EDITORIAL O dia 5 de novembro de 2015 transformou as nossas vidas de diversas maneiras. Cada um de nós, em nossas particularidades, sabe o que tem feito mais falta. Somente nós e mais ninguém. Somos pessoas simples e só temos pensado em voltar para a roça, resgatar o modo de vida que tínhamos. Enquanto lutamos para que esse dia chegue, também temos vivido para além da lama. E é apesar dela que não desistimos de tentar manter nossa gente unida. Por isso, fazemos questão de continuar com os festejos e as celebrações que são típicas das nossas comunidades, como a festa do padroeiro Santo Antônio, em Paracatu. Portanto, os laços que nos unem enquanto comunidades sempre vão existir, pois nós cuidamos da nossa gente, e mesmo que o cansaço insista em nos enfraquecer não deixamos de continuar.
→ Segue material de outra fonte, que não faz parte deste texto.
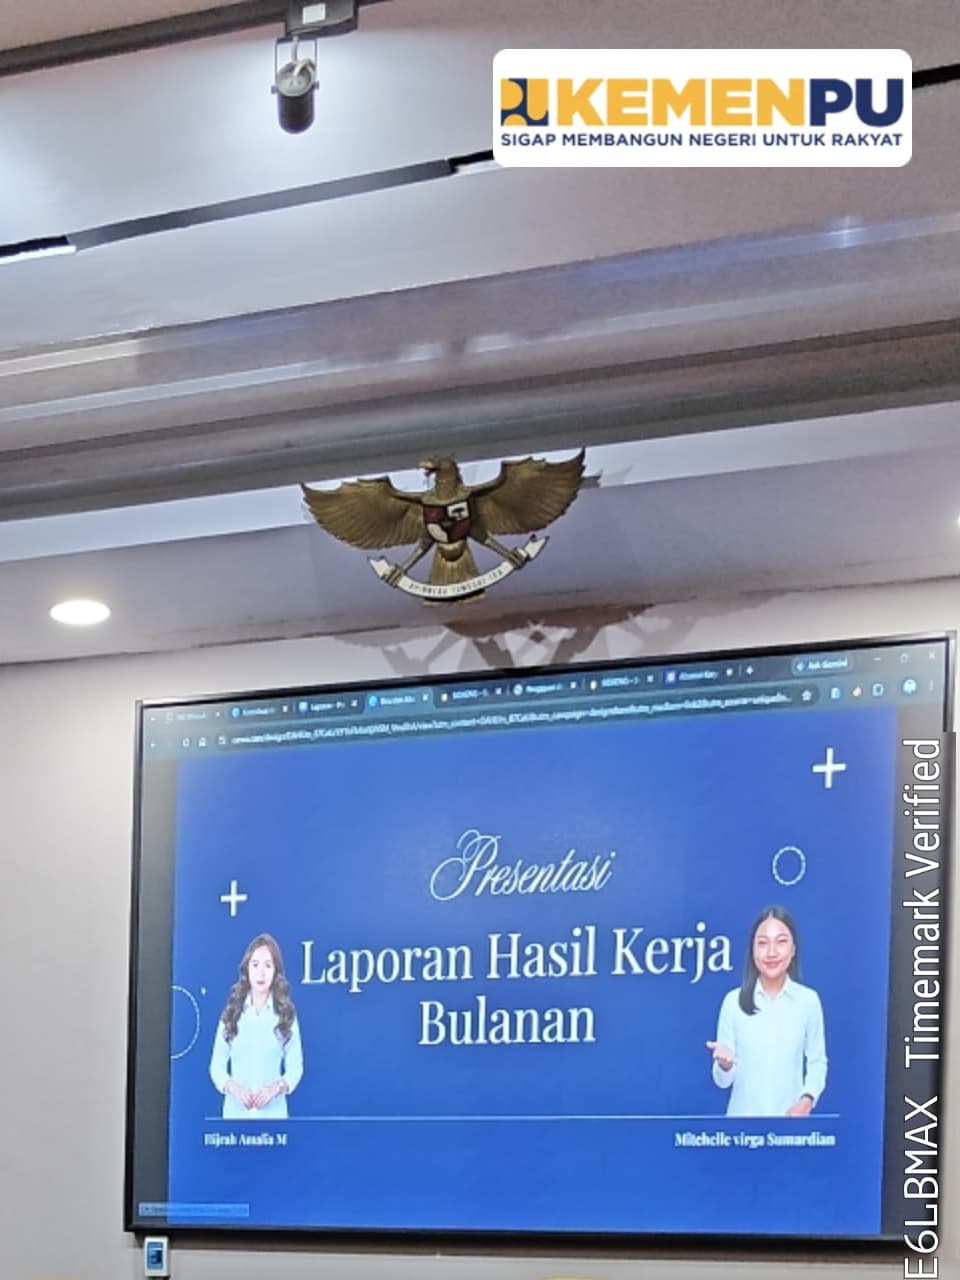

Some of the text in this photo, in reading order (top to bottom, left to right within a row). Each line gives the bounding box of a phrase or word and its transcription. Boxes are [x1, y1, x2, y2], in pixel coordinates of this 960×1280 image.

[430, 829, 616, 901] Presentasi
[301, 922, 734, 993] Laporan Hasil Kerja
[418, 996, 596, 1046] Bulanan
Maria Geralda, moradora de Paracatu insiste: “se a gente deixar se perder, não vamos ter isso em Lucila”. Se a gente deixar se perder, não vamos ter isso também em Bento Rodrigues, em Gesteira ou em outros futuros lares. Viver para além da lama e ainda ter medo do que ela pode causar Para nós, moradores de Santana do Deserto, tem sido difícil viver com a lama, que já nos atingiu uma vez. O tempo pós rompimento se transformou no medo de um novo crime ser cometido, através de “obras de reparação” que a Renova/ Samarco/Vale/BHP têm feito para “solucionar” os danos causados por Fundão. As empresas que nos tiraram a relação que tínhamos com o rio, hoje, também nos priva da tranquilidade, da segurança e do convívio nos espaços que tínhamos para lazer. Assim, somos obrigados a lidar com o dia a dia agitado causado pelas máquinas, trabalhadores e ainda dividir a única estrada que liga Santana à Rio Doce com os caminhões dessas empresas. Diante disso, constantemente nos perguntamos: será mesmo que a melhor alternativa para o manejo de rejeitos é a construção de mais uma barragem? Até quando as empresas mineradoras continuarão a ameaçar pessoas e cidades inteiras com obras para sustentar seu mercado financeiro? Não aceitaremos e também não ficaremos calados(as) diante das manobras criminosas dessas mineradoras, já que está claro que o benefício é sempre para elas e nunca para nós. Continuaremos reportando todas as violações que elas ainda nos causam, pois isso também é uma forma de vivermos para além da lama.